A film that seems to have been made under the influence of illicit drugs, you may need to be in a K-hole to remotely enjoy Mila from Mars. A girl flees her psycho boyfriend in the city and ends up in some kind of frontier community populated by senior citizens who export marijuana. It's there that the old folk care for Mila, deliver her baby, and allow her to enact scenes from The Clan of the Cave Bear with some Buddhist rock-climber named Teacher, who enters the film out of nowhere in order to knock some sense into the girl. Pity no one is as generous to the film.


When former Bolivian president Gonzalo Sanchez de Lozada, known as Goni to his people, hires the firm operated by Stan Greenberg and James Carville to run his reelection campaign, the spectacle of ballot-counting and angry mob scenes echoes the election horrors that put Bush II in the White House not once but twice. Riveting through and through, Our Brand is Crisis unravels like a political thriller, evoking the failure of the capitalistic, neo-liberal Goni to spread democracy in a country whose people have been crippled by poverty and disenchanted by the man's undelivered promises.


When a boy's mother goes away, he and his friend plan a day around video games, bottles of soda and pizza delivery, except the world seemingly conspires to ruin their lazy Sunday afternoon: a next-door neighbor wishes to use their oven, a delivery man is refused payment, and the lights frequently go out. Like the painting of ducks that hangs over the television, these distractions reveal to Flama and Moko the untapped realities of their world. Eimbcke understands the boredom and confusion of the adolescent experience, and in many ways Flama's flat comes to represent the thorny crawlspace the boys must navigate before reaching adulthood.


With Live-In Maid, Norma Aleandro continues to prove that she's one of our greatest living actresses; like Annette Bening in Being Julia, she makes a middling film seem great. Jorge Gaggero's first feature-length production takes place in late 2001, when Argentina's economy, weakened by countless deficits and tax increases, reached an all-time low; this is the backdrop for this story about a divorced bourgeois woman, Beba (Aleandro), who can no longer afford to pay her maid's salary.


Zombie films dictate that the walking dead, no matter how quickly they move, will tear off a piece of your face if you give them a chance. But in They Came Back, the 70 million people who return from the dead simply look to re-indoctrinate themselves into society, and in the provincial French town where the entirety of the film's action takes place, the population must cope with the emotional and social ramifications of this re-assimilation. They Came Back is a triumph of internal horror, and unlike M. Night Shyamalan's similarly moody freak-out The Sixth Sense, Robin Campillo's vision of the dead sharing the same space as the living isn't predicated on a gimmicky reduction of human faith.

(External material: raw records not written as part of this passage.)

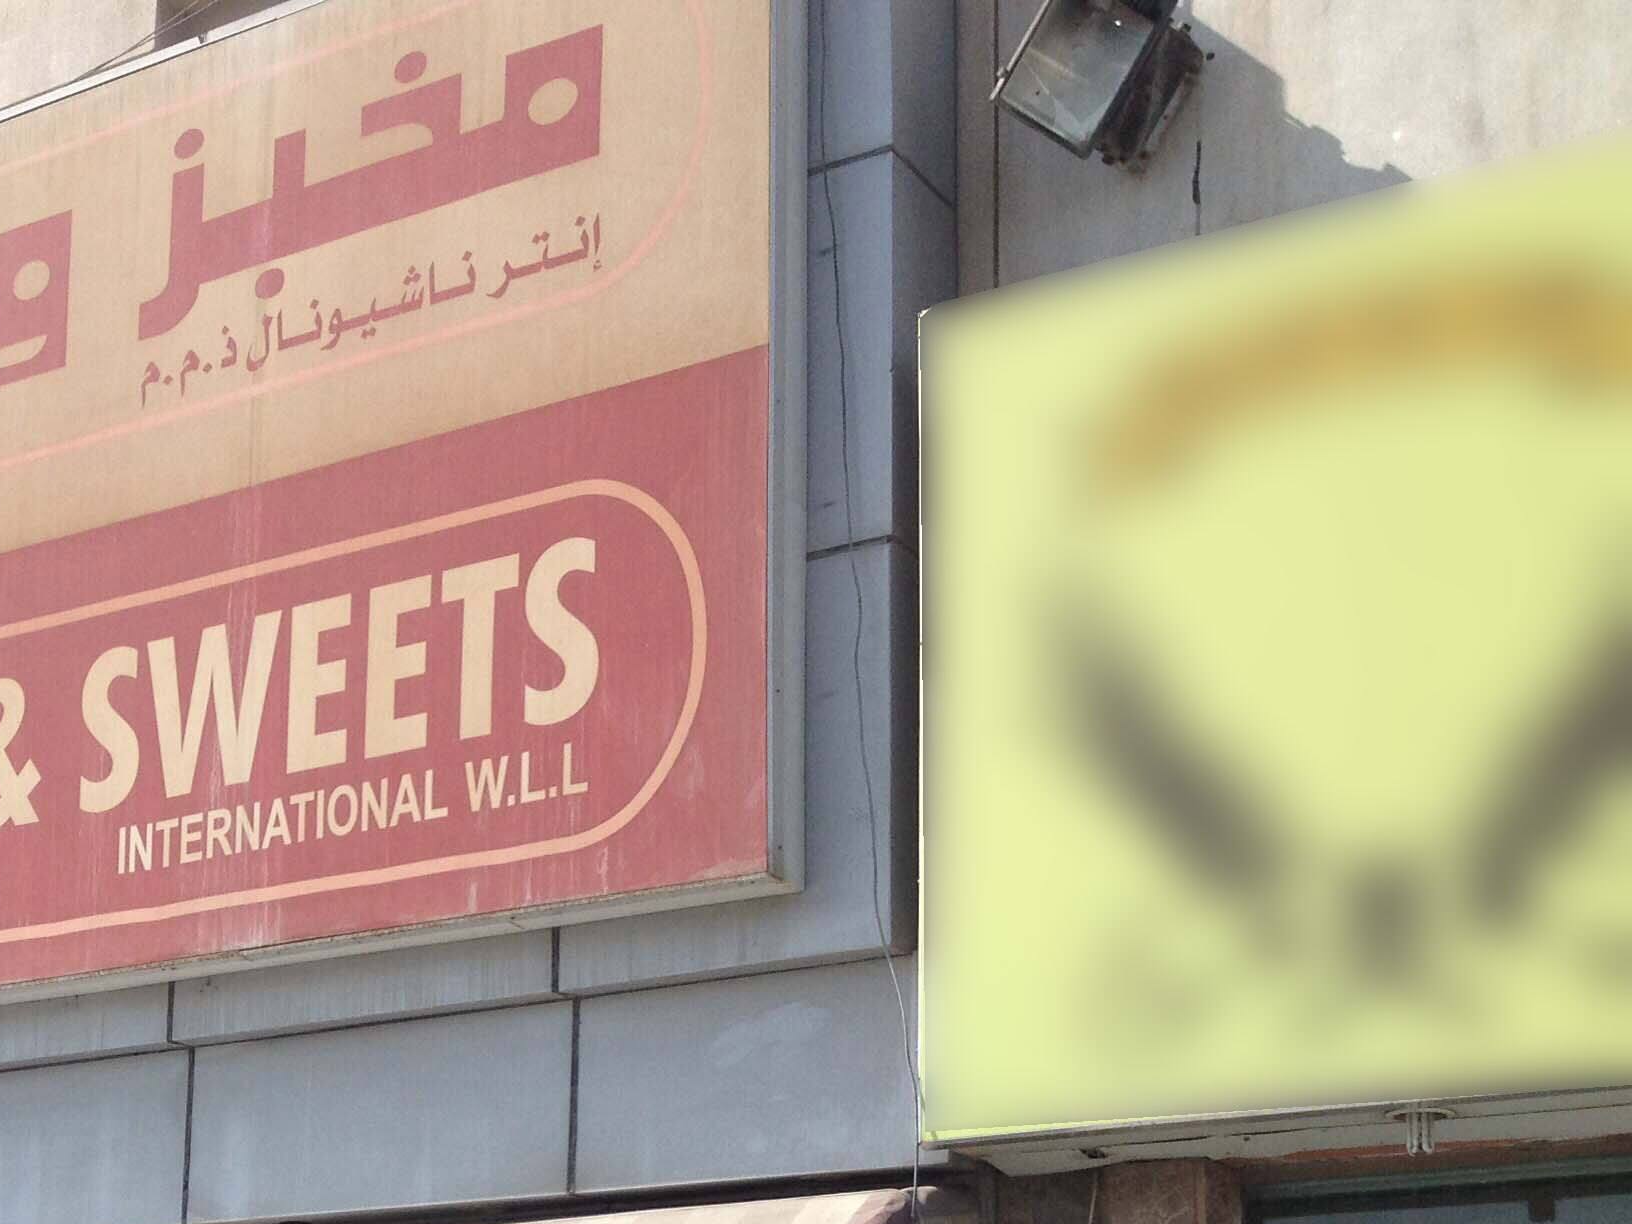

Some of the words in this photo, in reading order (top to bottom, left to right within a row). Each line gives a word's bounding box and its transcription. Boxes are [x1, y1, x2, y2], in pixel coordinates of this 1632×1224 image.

[139, 25, 603, 340] مخبز
[79, 537, 599, 814] SWEETS
[117, 769, 449, 875] INTERNATIONAL
[465, 743, 589, 813] W.L.L
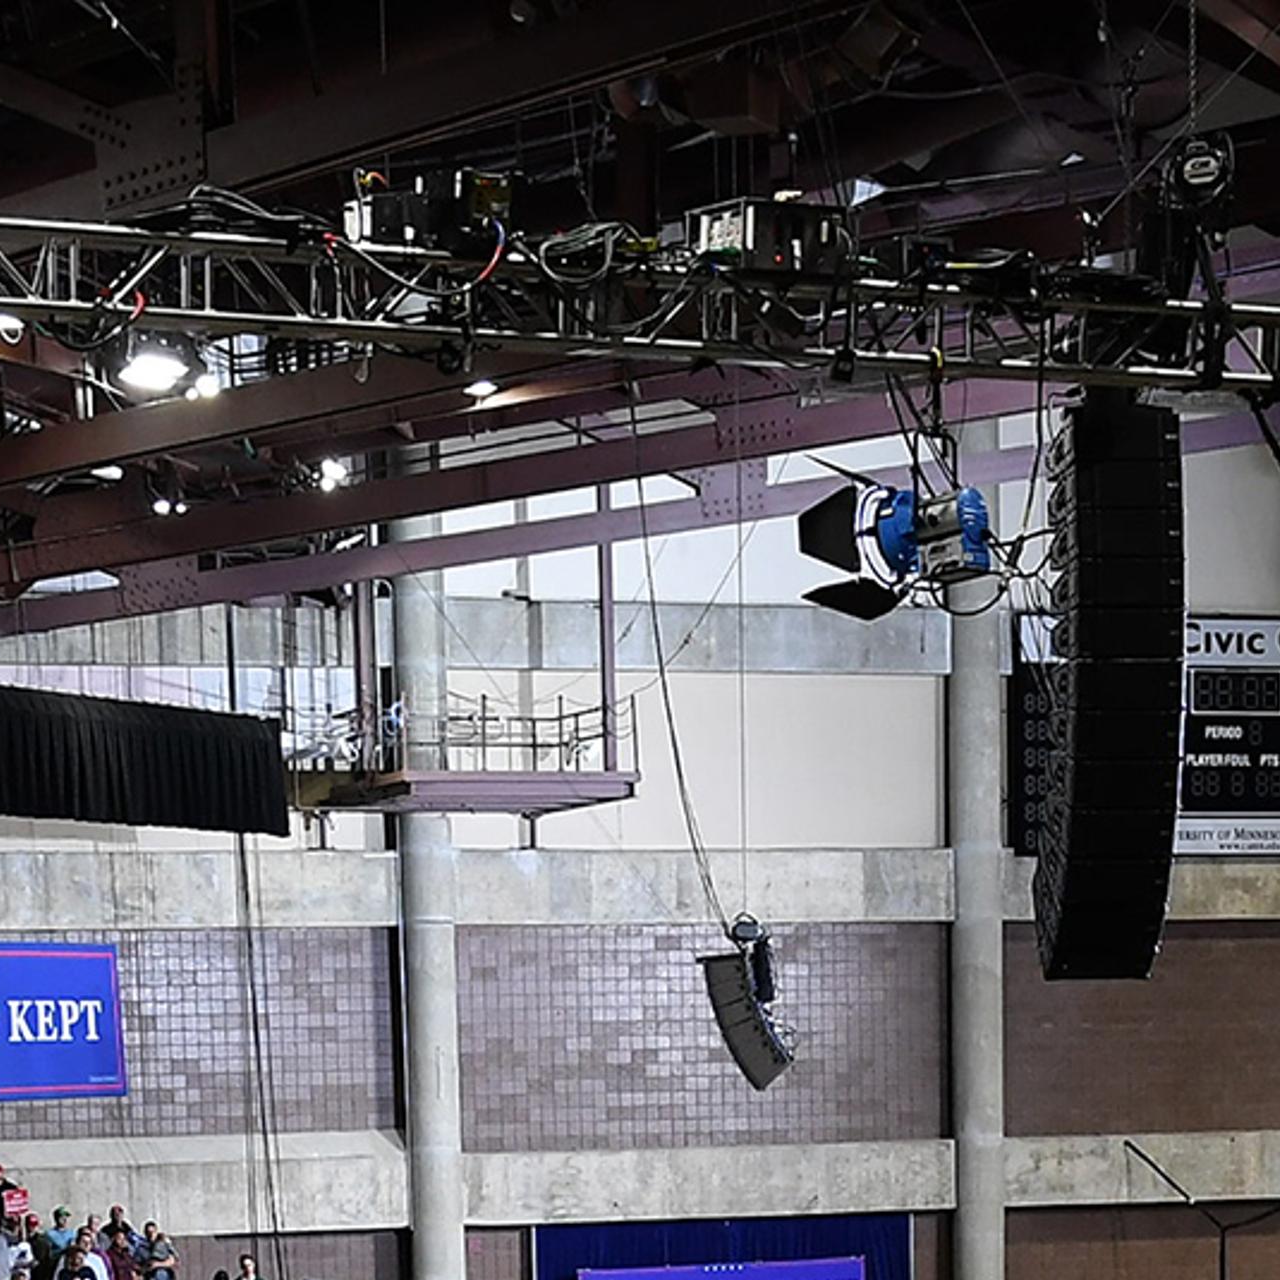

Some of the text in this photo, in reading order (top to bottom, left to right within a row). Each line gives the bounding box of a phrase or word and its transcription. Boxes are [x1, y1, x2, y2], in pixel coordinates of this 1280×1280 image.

[1186, 622, 1265, 654] Civic
[1205, 726, 1243, 739] PERIOD
[1186, 754, 1222, 767] PLAYER
[1222, 754, 1251, 767] FOUL
[1260, 754, 1280, 767] PTS
[6, 1000, 102, 1042] KEPT

Unlike Gabriele Muccino, Andrea and Antonio Frazzi don't make human misery seem fashionable, but there's still something disingenuous—dare I say coy—about the way they evoke the horrors of their character's lives. From the intense Frogger-style road crossing that opens the film to the psychotropic, MTV-style flashes that structure the film as a series of flashbacks leading up to the moment when Rosario boards a train for a destination unknown, the film's visual frills betray the reality of its main character's hard knocks life, suggesting the filmmakers don't trust in the material enough to simply let it be.


In some ways, Magdalena Piekorz's The Welts isn't much different from The Holy Girl and other films by female directors [Kent] Jones cites in his review—like Claire Denis's L'Intrus and Chantal Akerman's Demain on démenage—in its unmistakable stubbornness, except the film doesn't so much adhere to private rules or logic but to the dictates of stick-it-to-daddy melodramas like Shine, Swimming Upstream and Affliction, and if I didn't know The Welts was adapted from the stories of Wojciech Kuczok, I would have gathered that the whole experience of making the film was an exorcism for the director.


There's a thesis paper waiting to be written about the effects of Short Cuts on today's generation of new filmmakers: Call it "Car Crashes, Hospitals & Clowns: Cultural Fragmentation and the Robert Altman Mosaic." Clorox, Ammonia and Coffee! is considerably less miserable than Free Radicals, but it's also more schematic. Beginning with an overhead shot of the town where its characters live, something about the film brings to mind The Sims (the angular hedges of people's homes; the way Hoel's snaky camera jumps from story to story); to wit, these are not lives that seem to operate by any sort of natural logic—it's Hoel that pulls the strings.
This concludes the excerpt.